[Stored data entries]
* * * * *

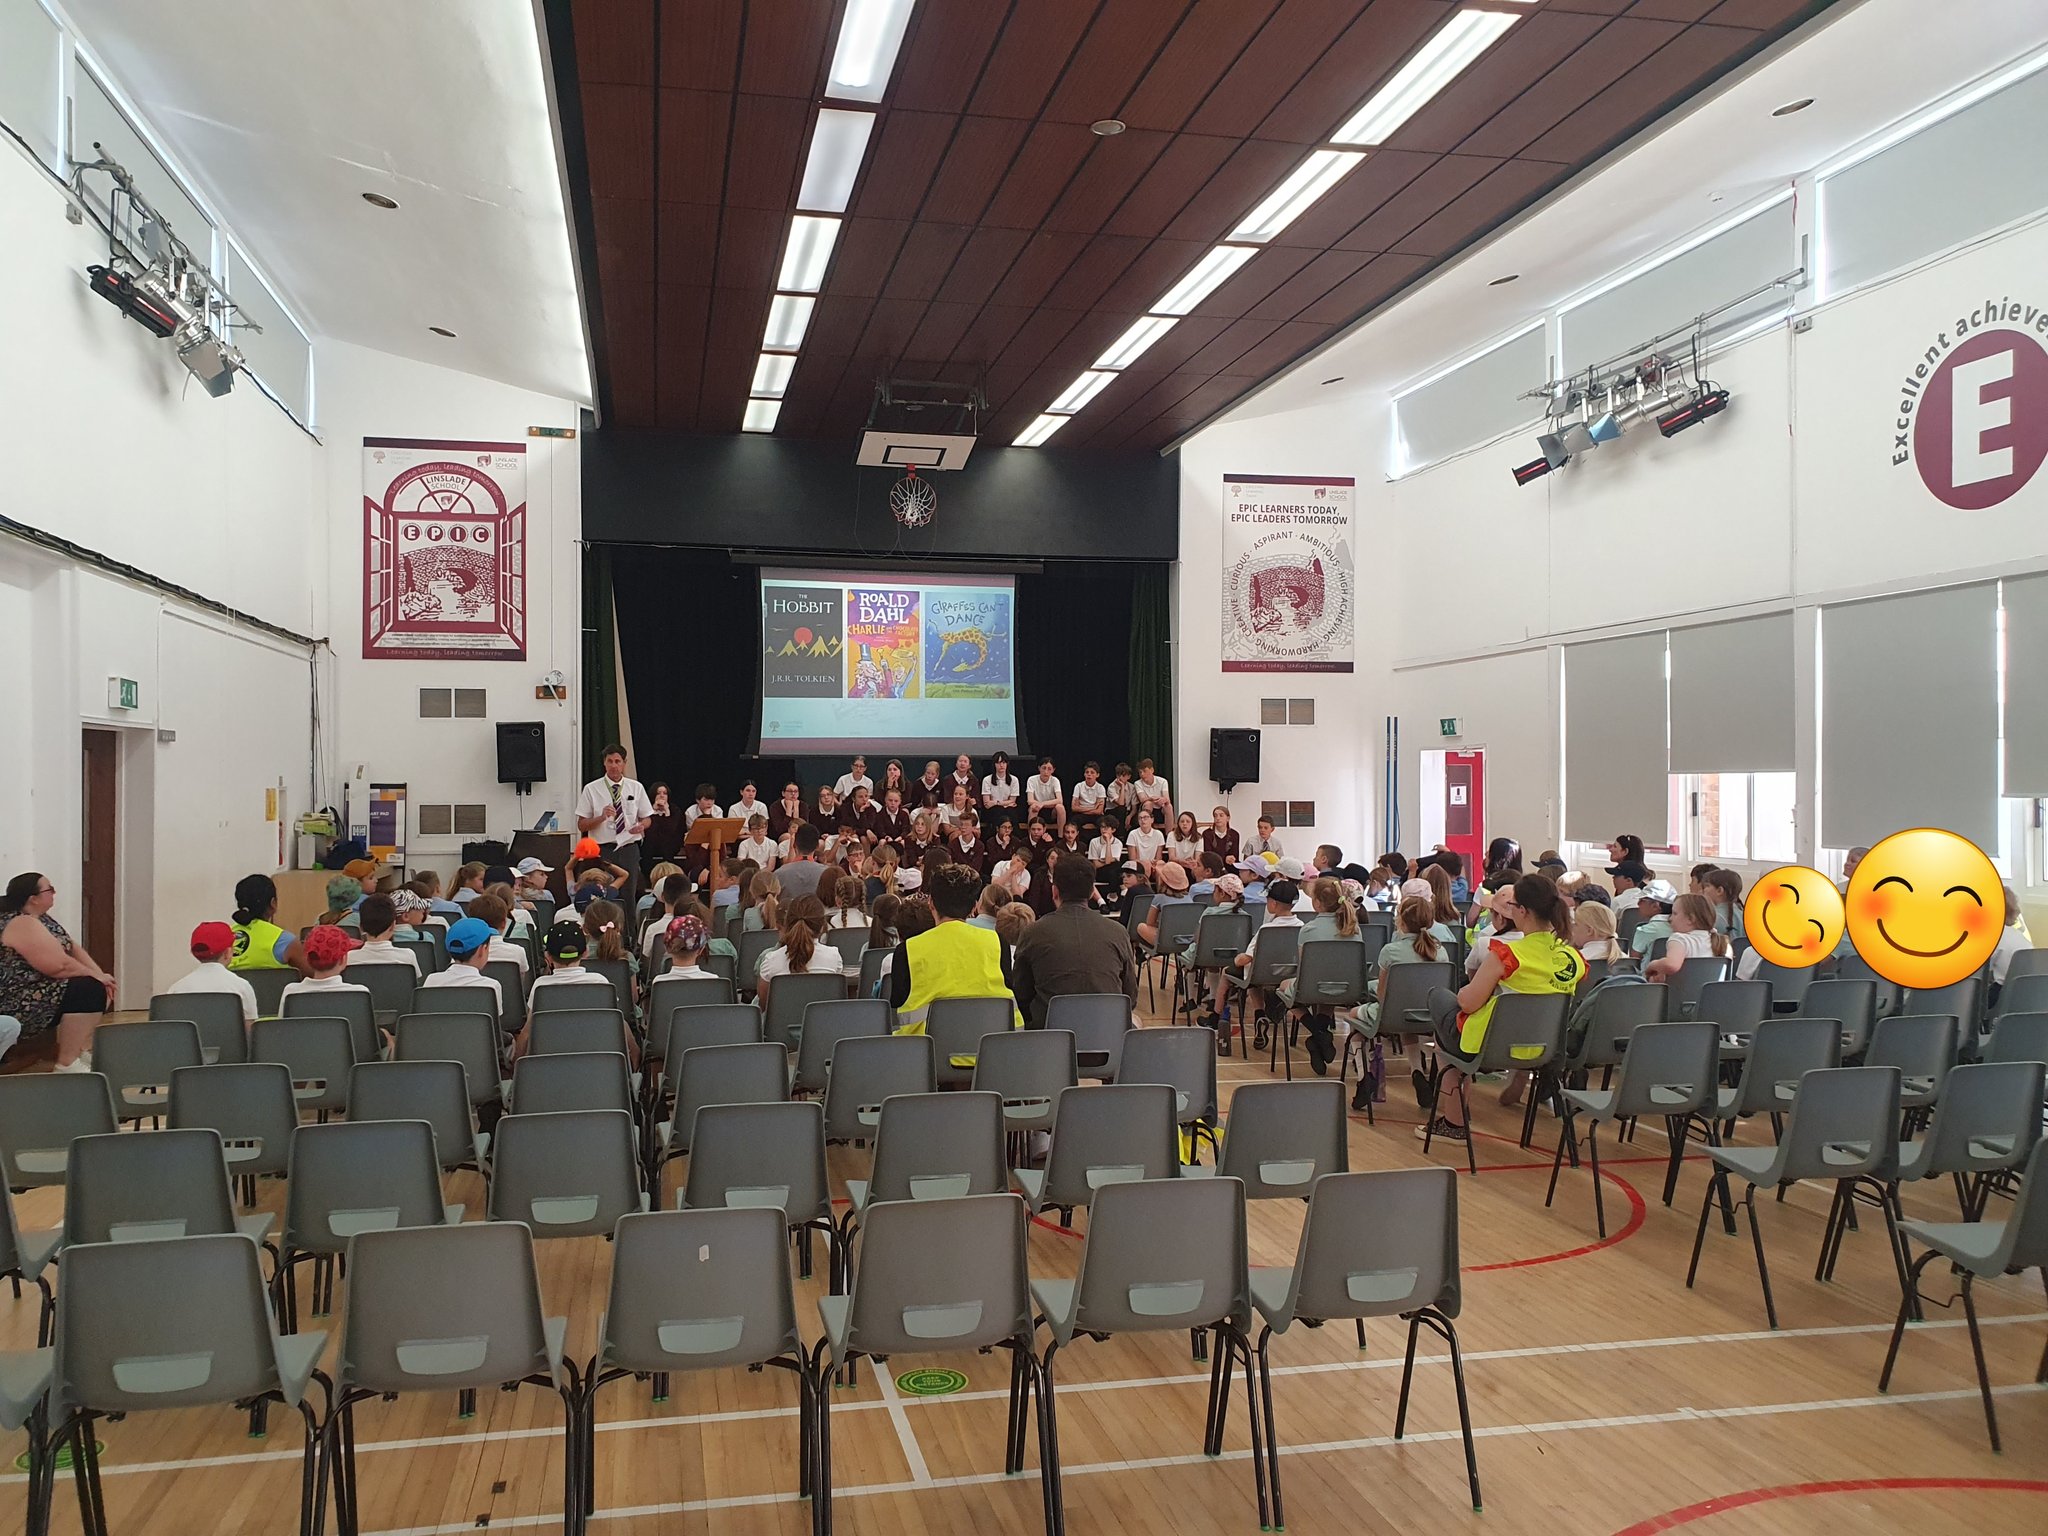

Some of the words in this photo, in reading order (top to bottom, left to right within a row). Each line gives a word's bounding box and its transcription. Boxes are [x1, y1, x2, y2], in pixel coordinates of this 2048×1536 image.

[1893, 332, 1951, 466] Excellent
[1956, 296, 2048, 340] achieve
[1952, 349, 2013, 488] E
[426, 475, 467, 485] LINSLADE
[431, 482, 461, 490] SCHOOL
[1239, 504, 1258, 513] EPIC
[1260, 505, 1305, 514] LEARNERS
[1307, 506, 1340, 516] TODAY,
[1231, 514, 1250, 523] EPIC
[1252, 514, 1290, 523] LEADERS
[1293, 515, 1348, 525] TOMORROW
[1253, 531, 1293, 550] ASPIRANT
[1300, 533, 1340, 567] AMBITIOUS
[1231, 552, 1251, 591] CURIOUS
[1338, 572, 1348, 595] HIGH
[773, 599, 834, 614] HOBBIT
[859, 592, 910, 608] ROALD
[931, 601, 975, 614] GIRAFFES
[859, 606, 909, 624] DAHL
[945, 614, 985, 626] DANCE
[1231, 598, 1252, 637] CREATIVE
[1323, 597, 1348, 642] ACHIEVING
[848, 624, 885, 635] CHARLIE
[1255, 638, 1320, 656] HARDWORKING
[794, 674, 836, 683] TOLKIEN

* * * * *

Brief -> Going through the records above line by line, transcribe each one exactly and skip any pictures.

Reply ->
Some of the words in this photo, in reading order (top to bottom, left to right within a row). Each line gives a word's bounding box and its transcription. Boxes are [x1, y1, x2, y2], in pixel coordinates of this 2048×1536 image.

[1893, 332, 1951, 466] Excellent
[1956, 296, 2048, 340] achieve
[1952, 349, 2013, 488] E
[426, 475, 467, 485] LINSLADE
[431, 482, 461, 490] SCHOOL
[1239, 504, 1258, 513] EPIC
[1260, 505, 1305, 514] LEARNERS
[1307, 506, 1340, 516] TODAY,
[1231, 514, 1250, 523] EPIC
[1252, 514, 1290, 523] LEADERS
[1293, 515, 1348, 525] TOMORROW
[1253, 531, 1293, 550] ASPIRANT
[1300, 533, 1340, 567] AMBITIOUS
[1231, 552, 1251, 591] CURIOUS
[1338, 572, 1348, 595] HIGH
[773, 599, 834, 614] HOBBIT
[859, 592, 910, 608] ROALD
[931, 601, 975, 614] GIRAFFES
[859, 606, 909, 624] DAHL
[945, 614, 985, 626] DANCE
[1231, 598, 1252, 637] CREATIVE
[1323, 597, 1348, 642] ACHIEVING
[848, 624, 885, 635] CHARLIE
[1255, 638, 1320, 656] HARDWORKING
[794, 674, 836, 683] TOLKIEN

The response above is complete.